I hope everyone enjoyed their Labor Day weekend and had time to reflect on the purpose of this holiday. On behalf of the Chamber, I would like to share our appreciation for employers and employees for the hard work you put forth every single day to move our state forward and keep our economic engine running. We also thank all of the first responders and the men and women in uniform for their selfless service.
On Monday, September 12 at noon in Tamarind Park, the Chamber, in partnership with BAE Systems and Anthology Marketing Group, will host a 9/11 Commemoration Ceremony to pay homage to those who lost their lives on that fateful day. We honor our first responders who forged their way on that day without hesitation in order to save lives. We honor the military for their ultimate sacrifices so we can continue to live in freedom. We honor the families who have lost their loved ones and who continue to live with the pain and suffering, but seek to move on to make this place a better one for their children and generations to come.
Please join us to show our appreciation to those who have made the ultimate sacrifices and who continue to protect us, as well as to show our spirit of resilience, pride and freedom as Americans. Although time has passed, 9/11 is a constant reminder of all the sacrifices that have been made and continue to be made, especially in volatile, unstable environments throughout the world.

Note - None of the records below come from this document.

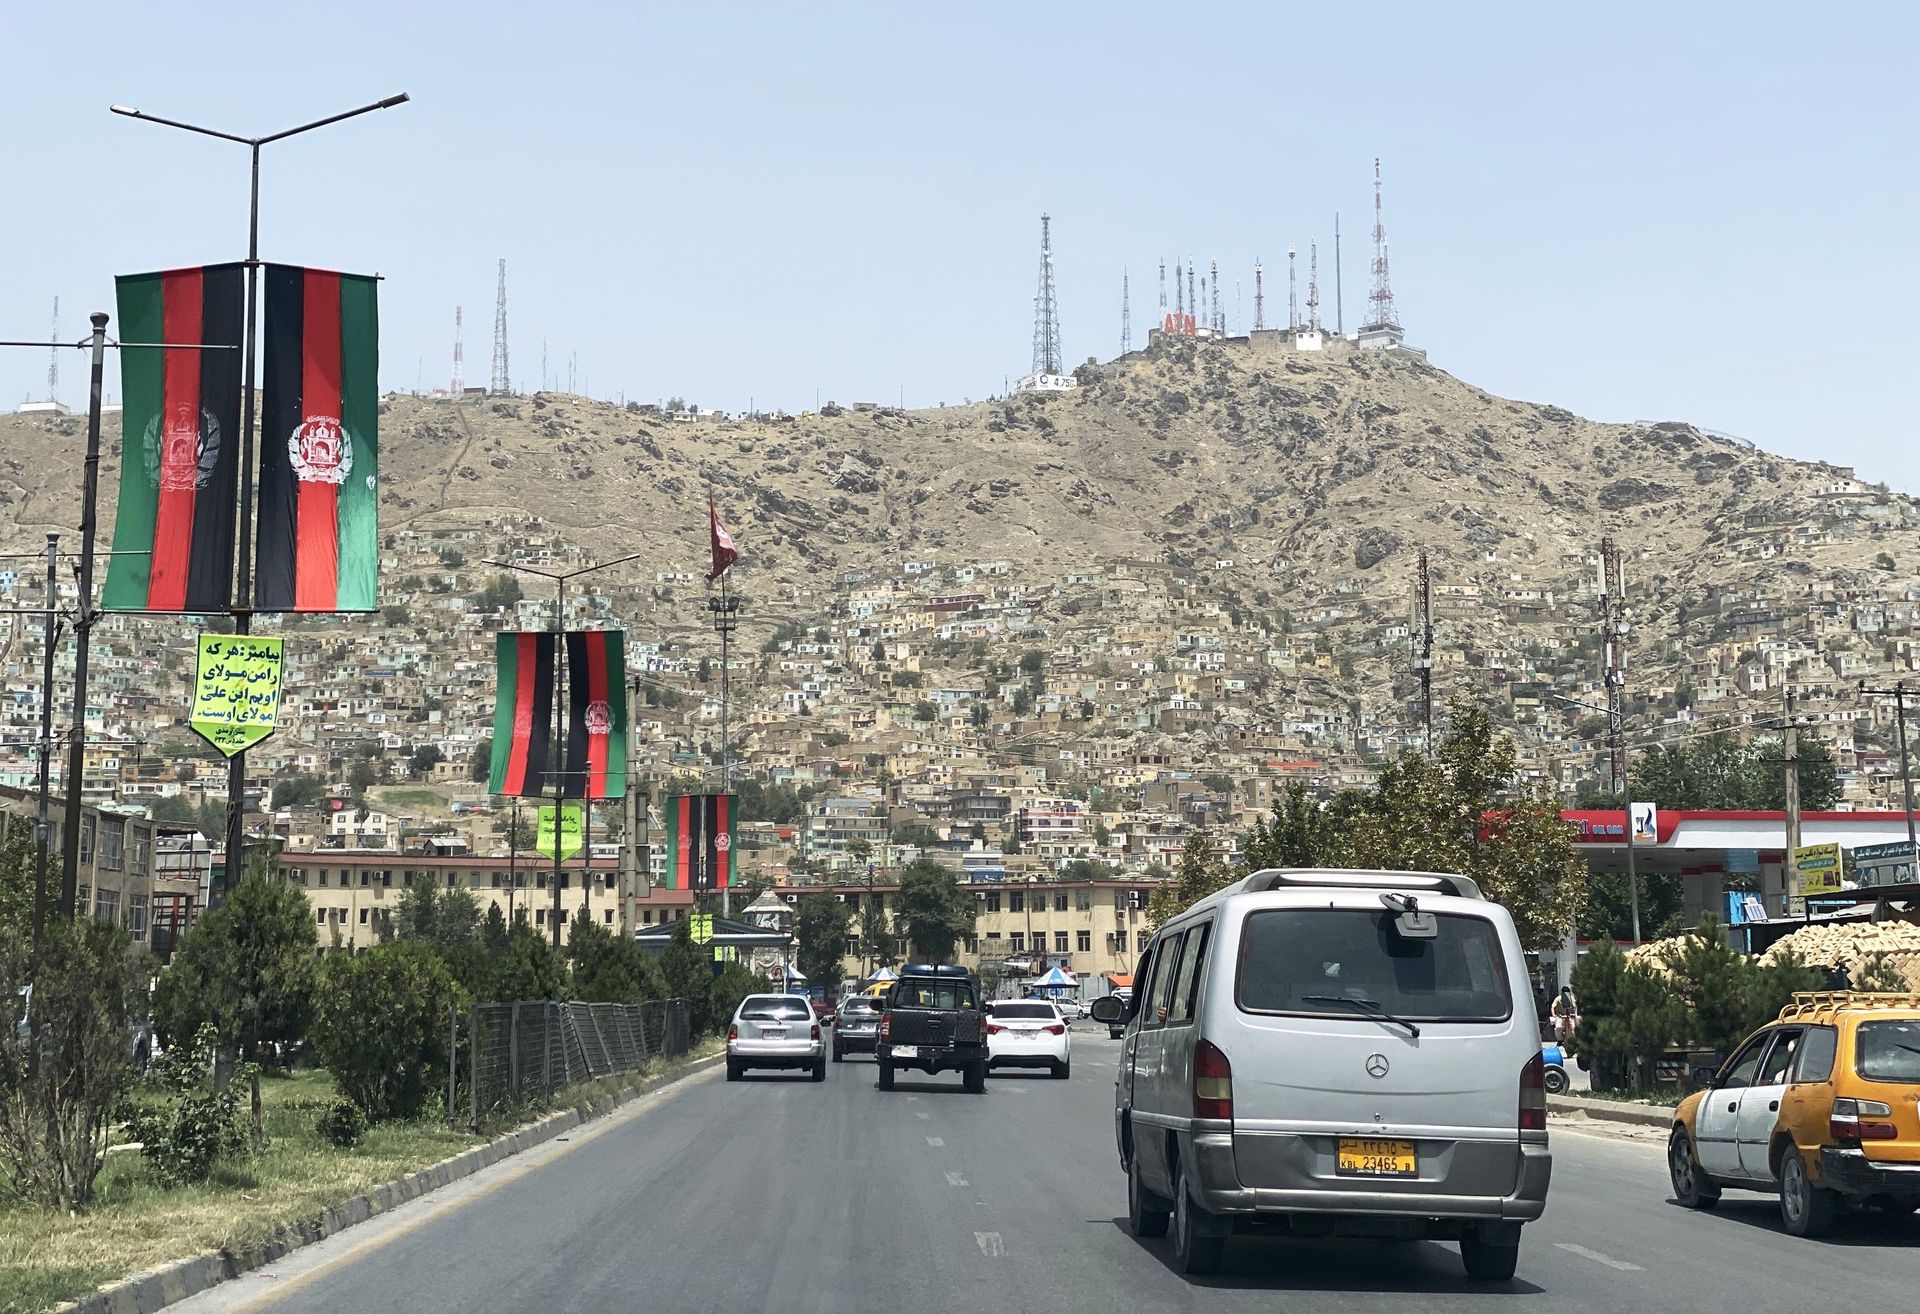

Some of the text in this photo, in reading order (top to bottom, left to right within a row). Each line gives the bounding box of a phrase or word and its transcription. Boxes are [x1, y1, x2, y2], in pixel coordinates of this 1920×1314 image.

[1165, 312, 1195, 336] ATN
[206, 642, 222, 655] که
[1341, 1160, 1359, 1169] KBL
[1363, 1156, 1398, 1171] 23465
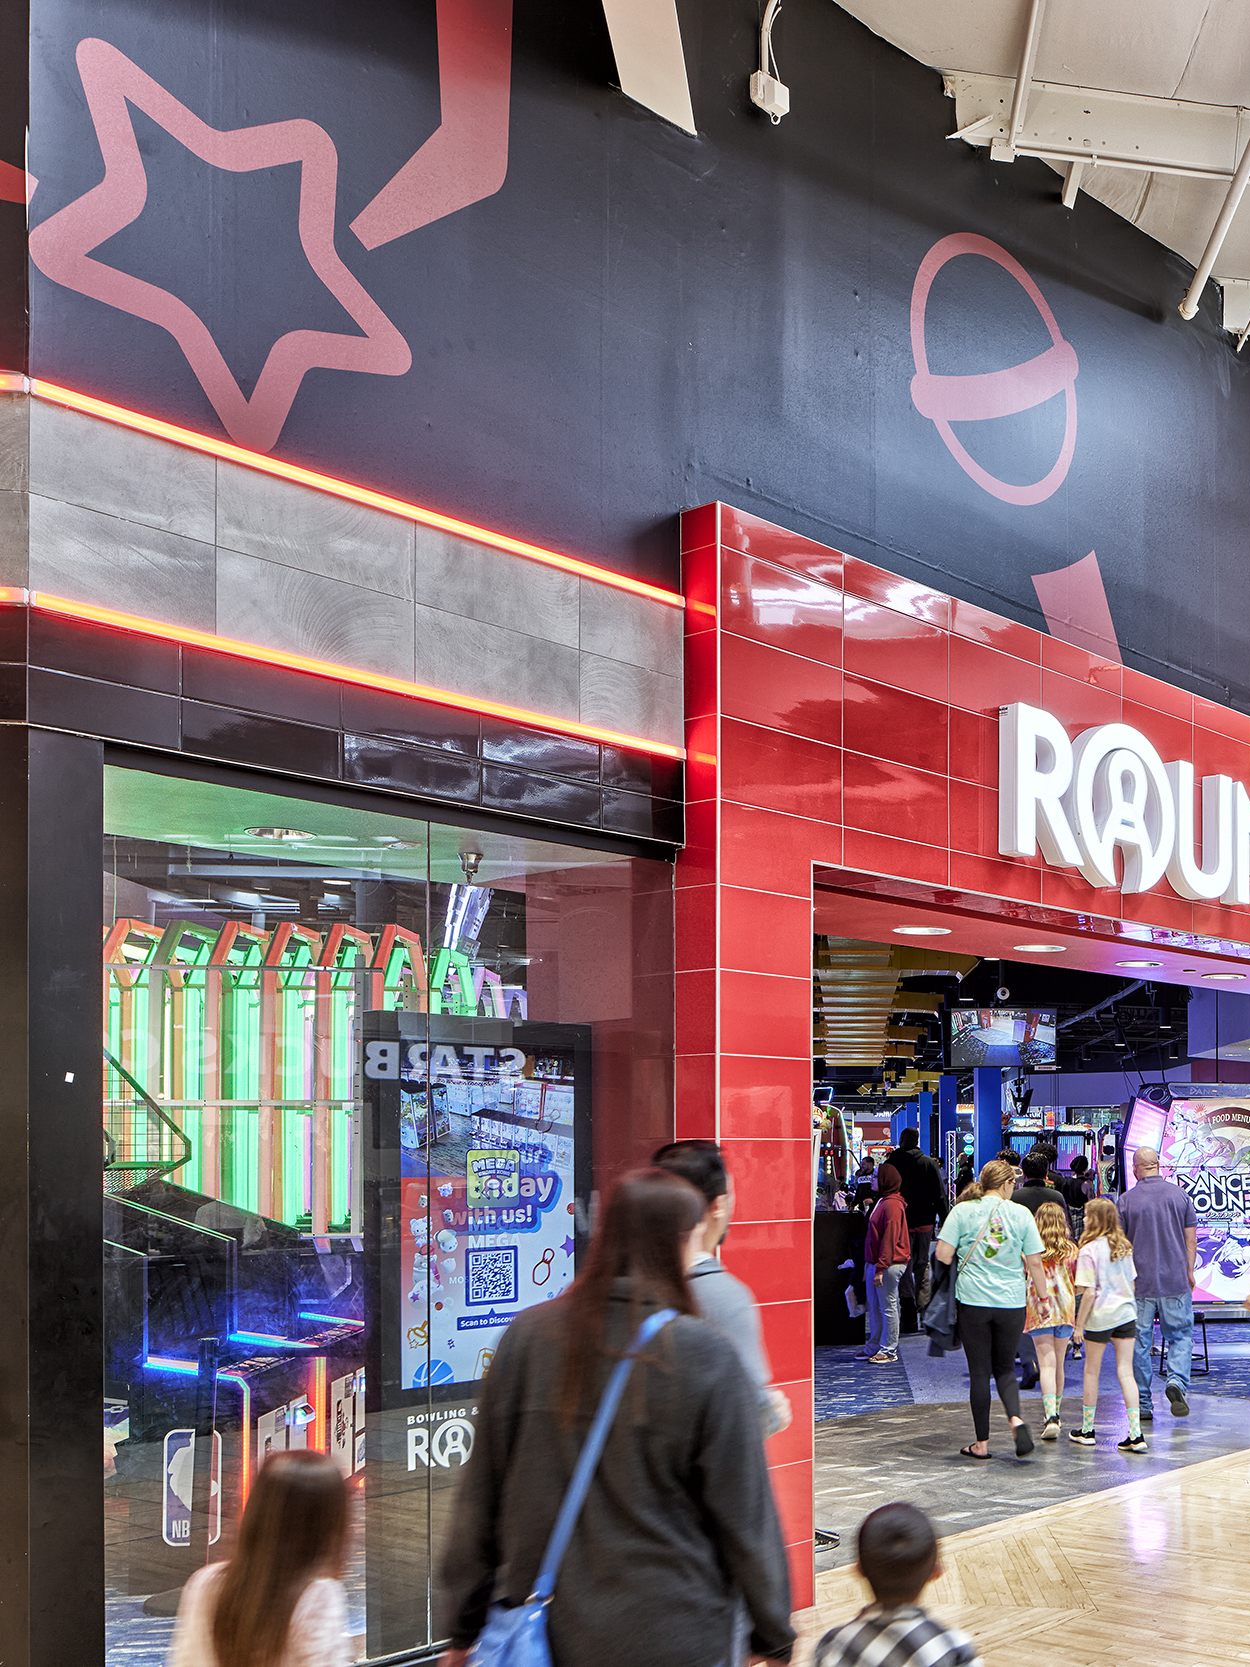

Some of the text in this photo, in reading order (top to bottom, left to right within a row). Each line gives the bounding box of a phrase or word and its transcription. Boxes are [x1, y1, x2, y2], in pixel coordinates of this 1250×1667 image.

[1212, 1113, 1231, 1125] FOOD
[471, 1157, 516, 1173] MEGA
[502, 1204, 533, 1224] us!
[460, 1319, 479, 1328] Scan
[479, 1317, 489, 1326] to
[407, 1408, 467, 1426] BOWLING
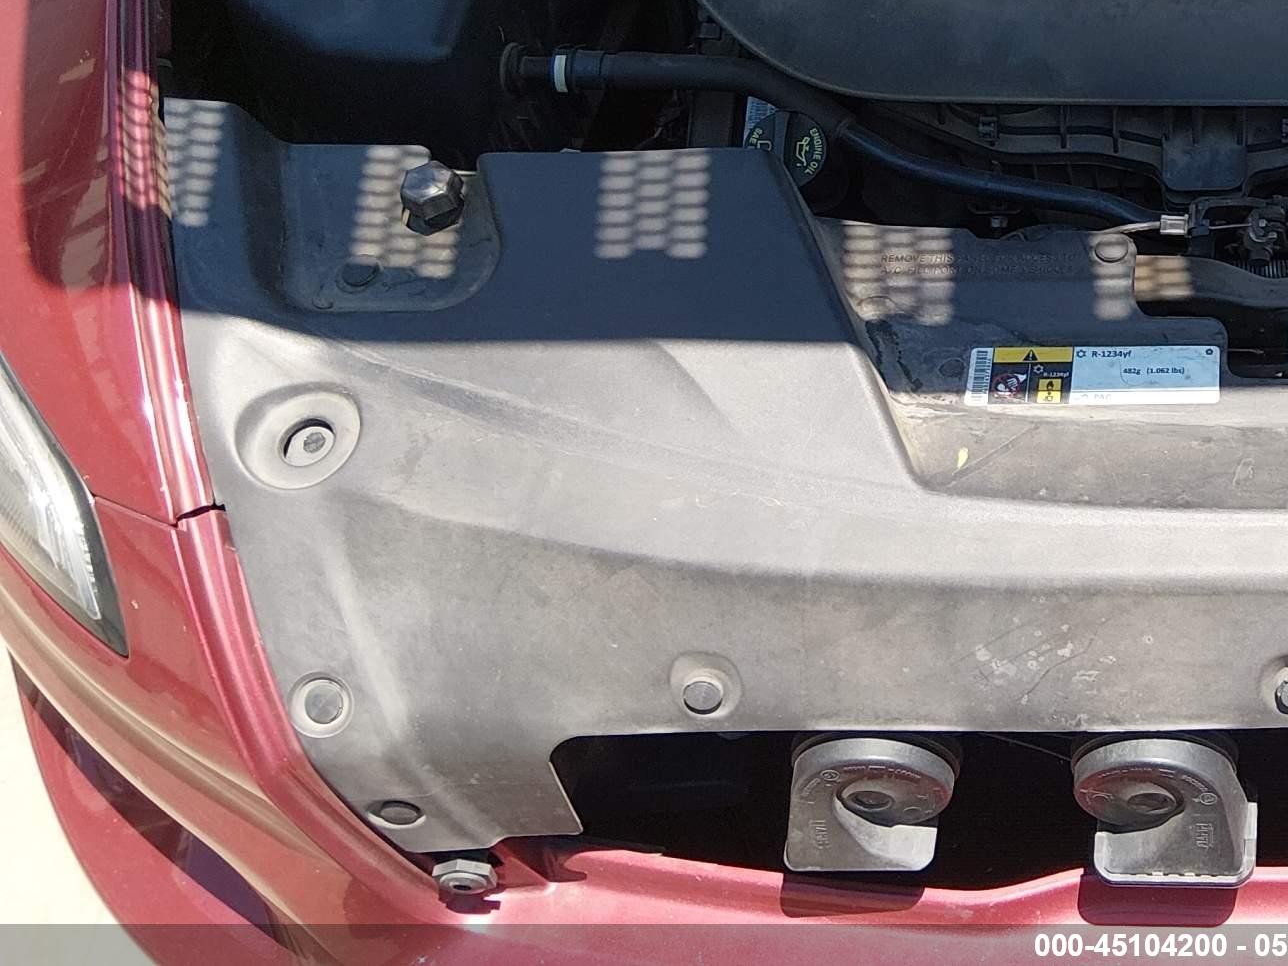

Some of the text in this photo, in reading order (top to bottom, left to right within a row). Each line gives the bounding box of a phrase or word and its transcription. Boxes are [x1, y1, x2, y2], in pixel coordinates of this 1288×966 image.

[804, 127, 823, 175] ENGINE OIL
[880, 253, 926, 265] REMOVE
[927, 253, 954, 265] THIS
[1091, 350, 1132, 359] R-1234yf
[1122, 366, 1185, 376] 482g (1.062 lbs)

On another note, as part of the Chamber's ongoing efforts to spur economic growth, on Monday, a few business and community leaders were invited to meet with U.S. Treasury Secretary Jack Lew, during his stopover in Hawaii, to discuss the state of the economy and concerns that face our state. We each raised different concerns, however, a common one was access to capital.
U.S. Secretary of the Treasury Jack Lew, 4th from left, in Hawaii to discuss our local economy with business and community leaders
Secretary Lew mentioned that many of the issues he is hearing about here resonate across the nation, including acknowledgement that with little or no investment in businesses, productivity will be challenged. One of the obstacles, however, is the anxiety and concern resulting from the changing political and economic environments around the world.
He also agreed that Hawaii can serve as a meeting point for Asia-Pacific businesses and more can be done to promote this point. And, emphasized that more public-private partnerships need to be pursued, especially as it relates to operations and maintenance processes. As our state undertakes major infrastructure projects, these partnerships should be actively pursued.